## Task to complete
Find the string "EQUIPMENT" in the records and copy each line where it occurs.

Text-to-region grounding data

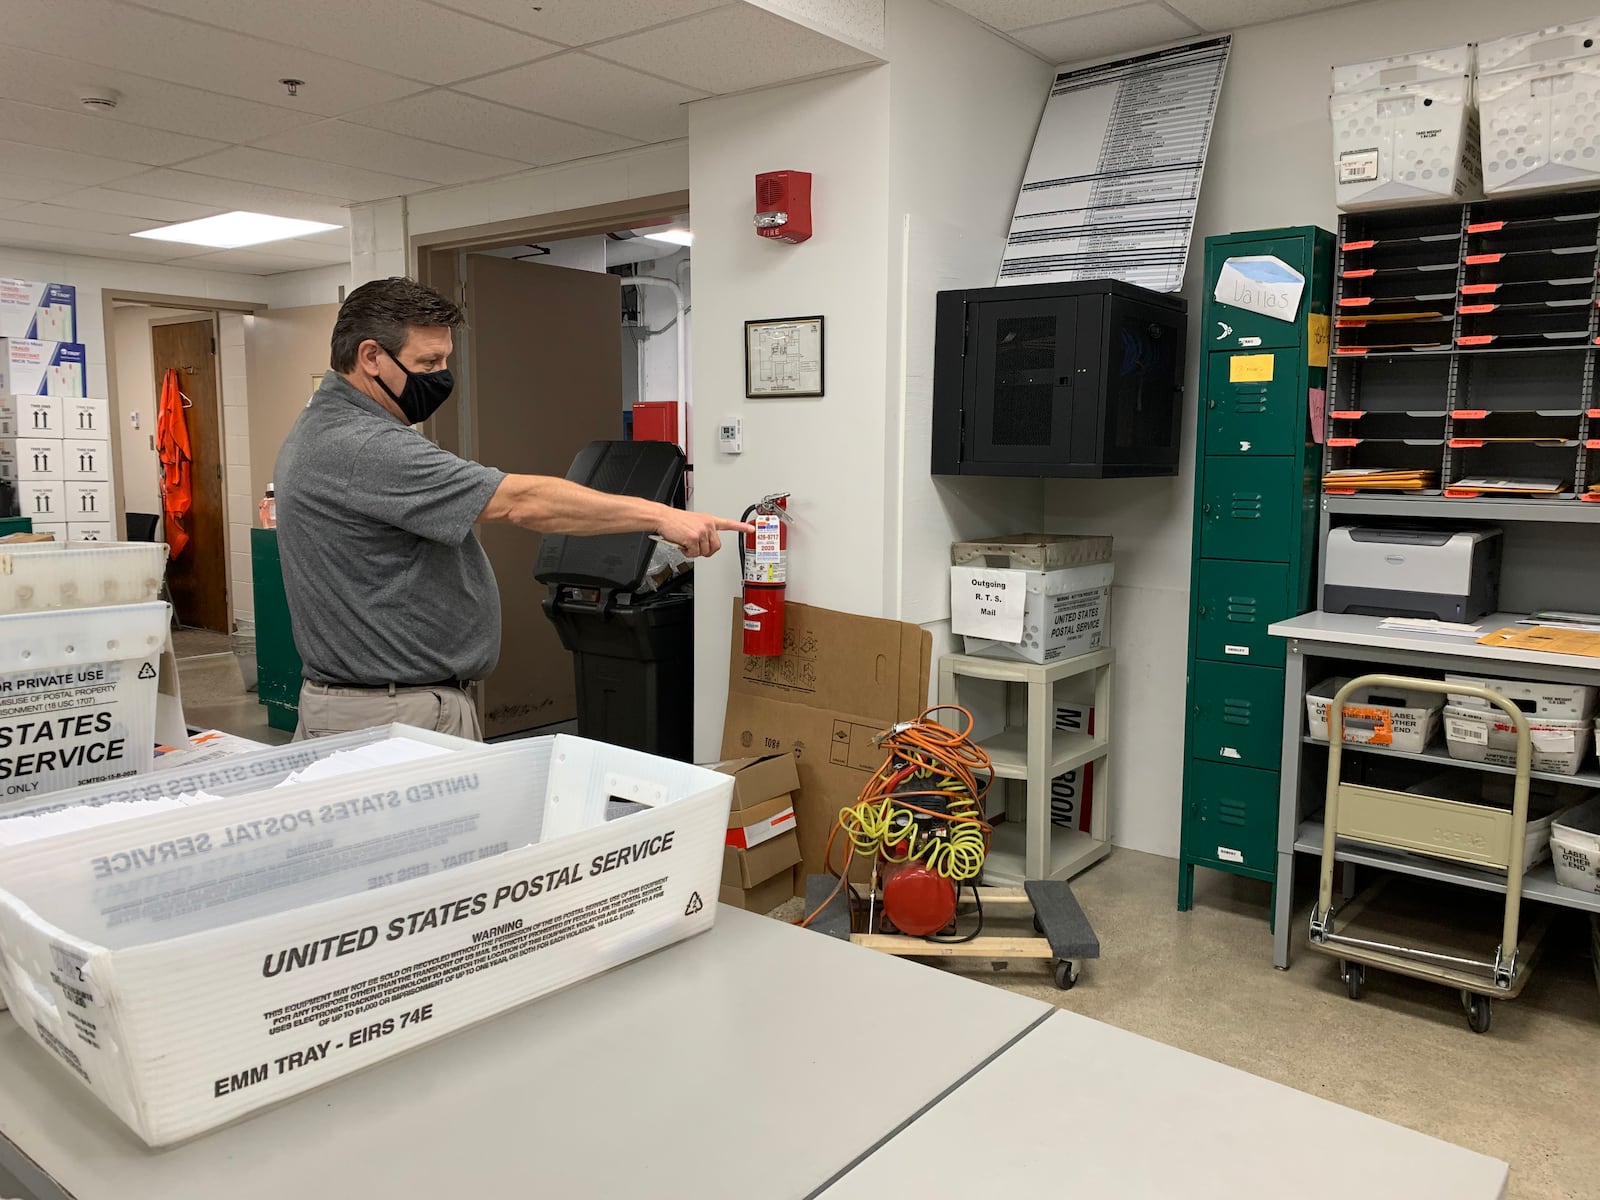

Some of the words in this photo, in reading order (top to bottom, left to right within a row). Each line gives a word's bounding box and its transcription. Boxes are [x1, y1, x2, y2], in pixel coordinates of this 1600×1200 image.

[972, 578, 1006, 590] Outgoing
[980, 608, 996, 616] Mail
[1054, 612, 1076, 624] UNITED
[1077, 608, 1098, 620] STATES
[1051, 626, 1074, 638] POSTAL
[1076, 619, 1100, 632] SERVICE
[17, 674, 73, 690] PRIVATE
[78, 670, 104, 682] USE
[30, 694, 40, 702] OF
[43, 689, 73, 702] POSTAL
[74, 684, 116, 698] PROPERTY
[6, 781, 38, 796] ONLY
[1562, 854, 1590, 866] OTHER
[1564, 848, 1588, 860] LABEL
[1568, 862, 1586, 871] END
[263, 924, 378, 978] UNITED
[387, 892, 493, 941] STATES
[494, 863, 583, 910] POSTAL
[590, 830, 675, 876] SERVICE
[472, 918, 523, 944] WARNING
[263, 1009, 283, 1020] THIS
[284, 993, 331, 1013] EQUIPMENT
[333, 988, 350, 997] MAY
[350, 982, 367, 992] NOT
[379, 971, 400, 982] SOLD
[413, 954, 450, 971] RECYCLED
[451, 944, 480, 958] WITHOUT
[481, 940, 494, 948] THE
[494, 926, 532, 943] PERMISSION
[563, 908, 584, 919] POSTAL
[640, 877, 668, 891] EQUIPMENT
[273, 1015, 291, 1025] FOR
[292, 1009, 310, 1019] ANY
[311, 996, 349, 1013] PURPOSE
[350, 987, 376, 1000] OTHER
[377, 980, 396, 991] THAN
[397, 975, 411, 984] THE
[412, 962, 453, 979] TRANSPORT
[475, 948, 491, 958] MAIL
[499, 935, 528, 949] STRICTLY
[572, 911, 597, 923] FEDERAL
[621, 895, 641, 905] POSTAL
[641, 887, 662, 897] SERVICE
[269, 1023, 292, 1036] USES
[293, 1006, 344, 1027] ELECTRONIC
[345, 993, 382, 1009] TRACKING
[383, 977, 431, 996] TECHNOLOGY
[442, 962, 473, 976] MONITOR
[473, 957, 487, 965] THE
[487, 946, 519, 960] LOCATION
[528, 937, 542, 946] THIS
[576, 914, 605, 928] VIOLATORS
[331, 1014, 343, 1022] UP
[343, 1010, 354, 1018] TO
[391, 980, 444, 1001] IMPRISONMENT
[475, 963, 489, 972] ONE
[519, 946, 536, 956] BOTH
[536, 942, 549, 950] FOR
[549, 936, 565, 945] EACH
[214, 1062, 268, 1098] EMM
[275, 1040, 331, 1076] TRAY
[349, 1019, 395, 1048] EIRS
[400, 1004, 434, 1028] 74E

## Task solution
[284, 993, 331, 1013] EQUIPMENT
[640, 877, 668, 891] EQUIPMENT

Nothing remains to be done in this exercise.